ACTION ITEM: Retype the entries below exactly, dropping the images.

START DATA PROVIDED

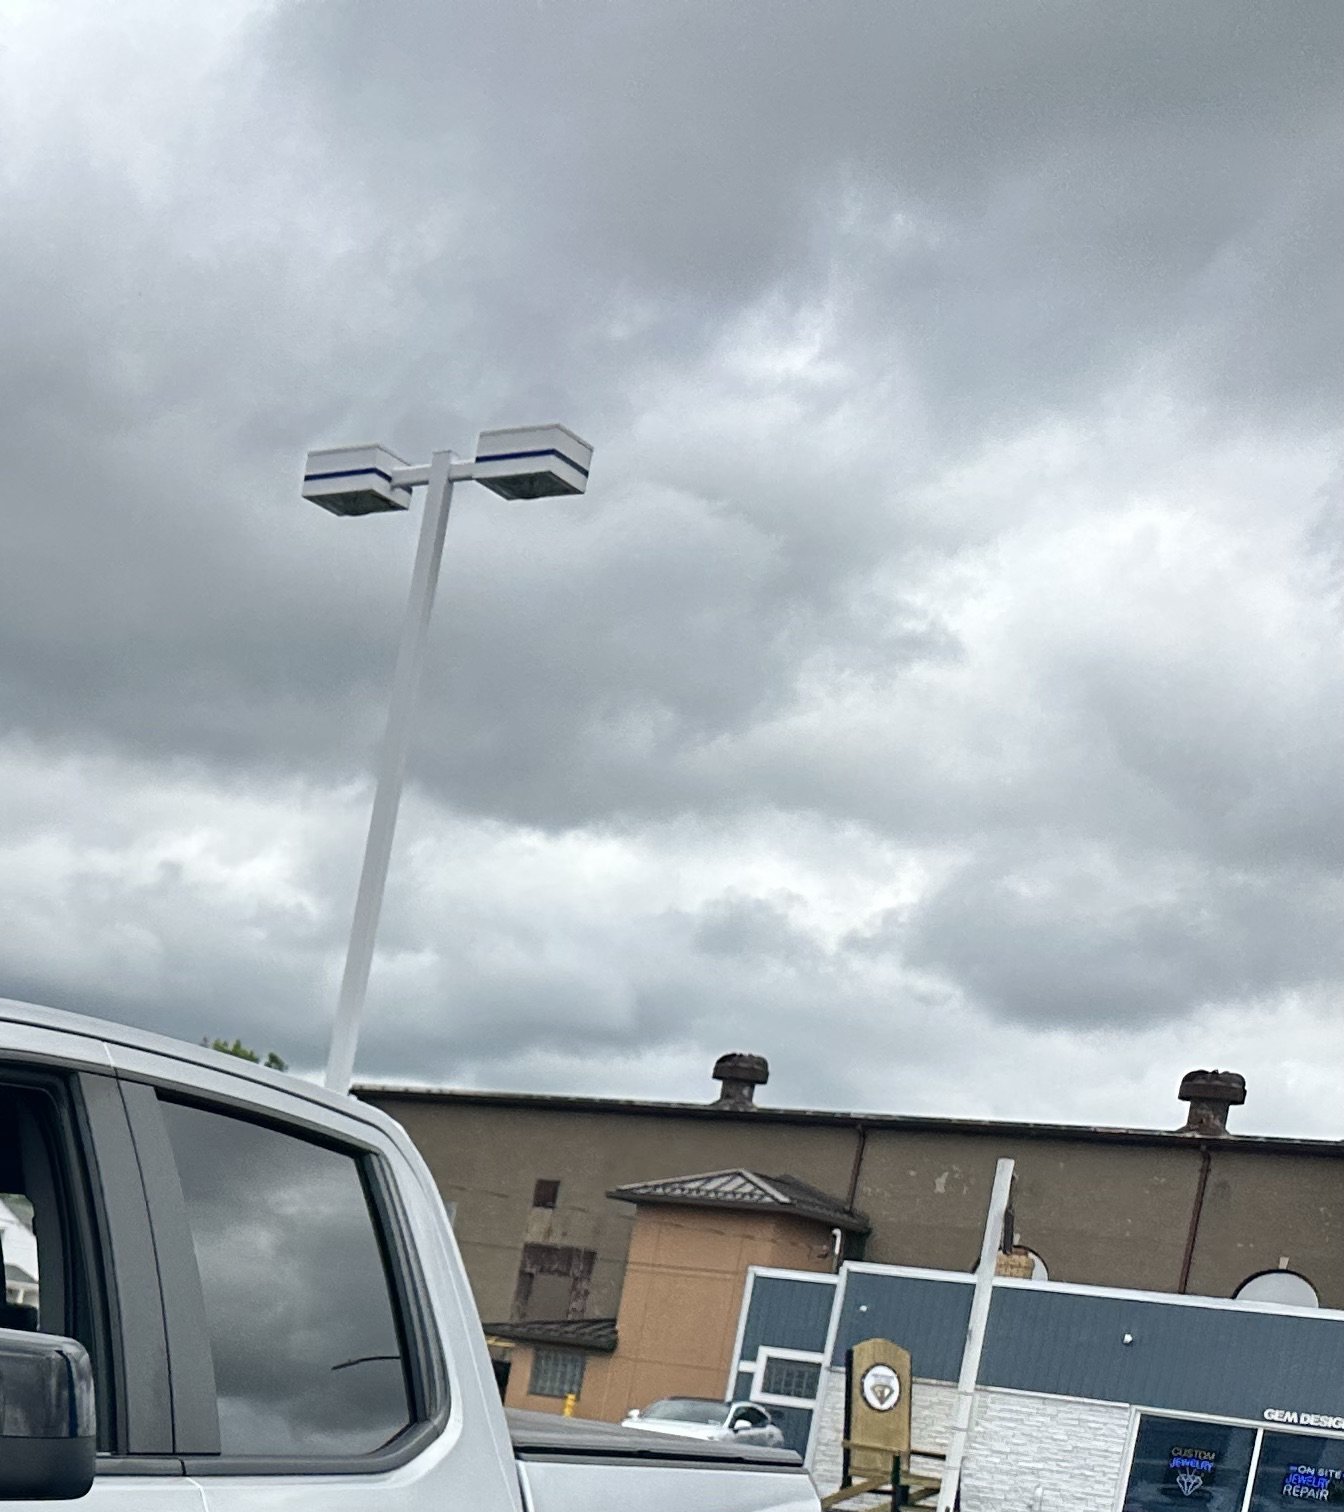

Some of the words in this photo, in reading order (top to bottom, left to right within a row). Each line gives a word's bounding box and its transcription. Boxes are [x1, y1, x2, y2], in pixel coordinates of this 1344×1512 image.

[1263, 1408, 1298, 1424] GEM
[1299, 1412, 1344, 1429] DESIG
[1171, 1447, 1216, 1460] CUSTOM
[1169, 1457, 1215, 1472] JEWELRY
[1297, 1465, 1315, 1475] ON
[1317, 1468, 1342, 1480] SITE
[1285, 1473, 1330, 1489] JEWELRY
[1282, 1483, 1329, 1500] REPAIR
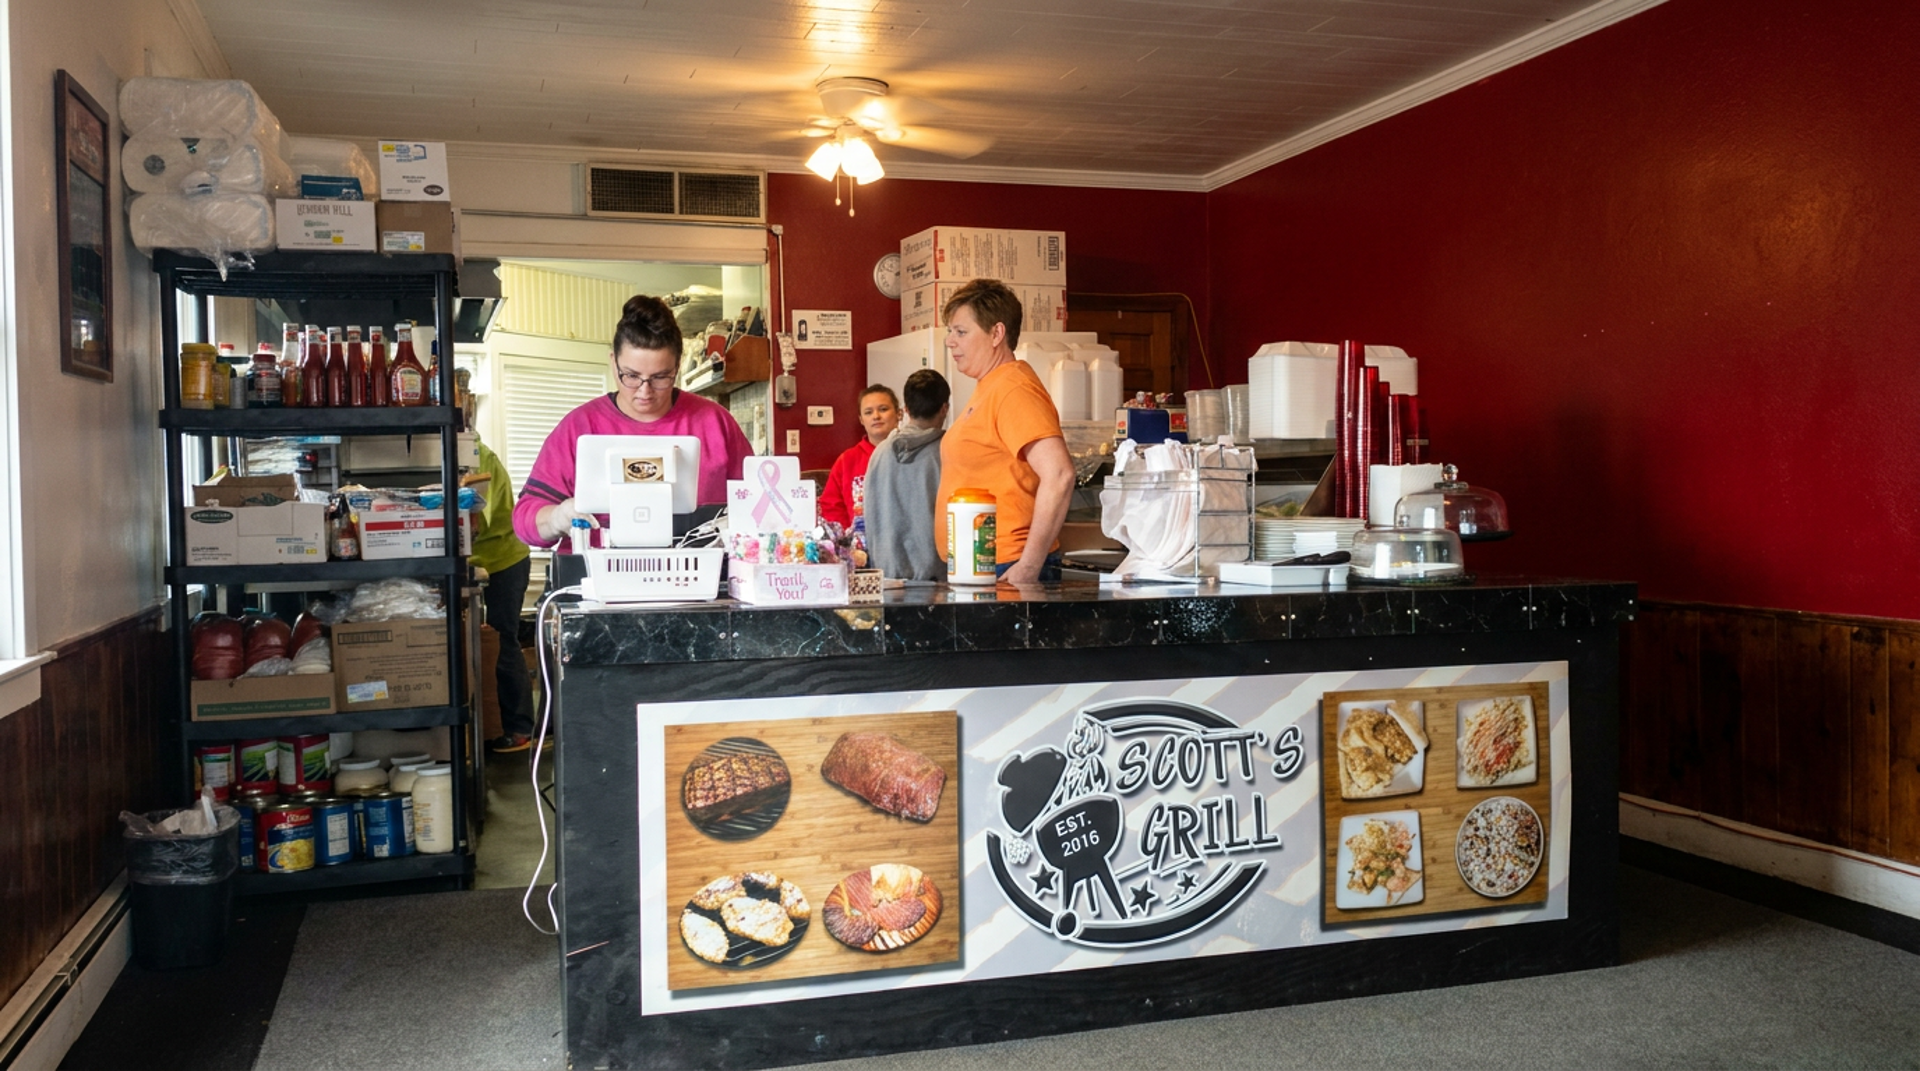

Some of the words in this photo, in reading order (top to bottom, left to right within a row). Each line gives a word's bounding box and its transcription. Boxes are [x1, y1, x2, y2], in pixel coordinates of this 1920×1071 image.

[1115, 726, 1302, 792] SCOTT'S
[1055, 811, 1092, 837] EST.
[1061, 830, 1099, 857] 2016
[1140, 793, 1281, 869] GRILL

END DATA PROVIDED

SOLUTION TO THE EXERCISE:
Some of the words in this photo, in reading order (top to bottom, left to right within a row). Each line gives a word's bounding box and its transcription. Boxes are [x1, y1, x2, y2], in pixel coordinates of this 1344×1512 image.

[1263, 1408, 1298, 1424] GEM
[1299, 1412, 1344, 1429] DESIG
[1171, 1447, 1216, 1460] CUSTOM
[1169, 1457, 1215, 1472] JEWELRY
[1297, 1465, 1315, 1475] ON
[1317, 1468, 1342, 1480] SITE
[1285, 1473, 1330, 1489] JEWELRY
[1282, 1483, 1329, 1500] REPAIR

Some of the words in this photo, in reading order (top to bottom, left to right within a row). Each line gives a word's bounding box and its transcription. Boxes are [x1, y1, x2, y2], in pixel coordinates of this 1920×1071 image.

[1115, 726, 1302, 792] SCOTT'S
[1055, 811, 1092, 837] EST.
[1061, 830, 1099, 857] 2016
[1140, 793, 1281, 869] GRILL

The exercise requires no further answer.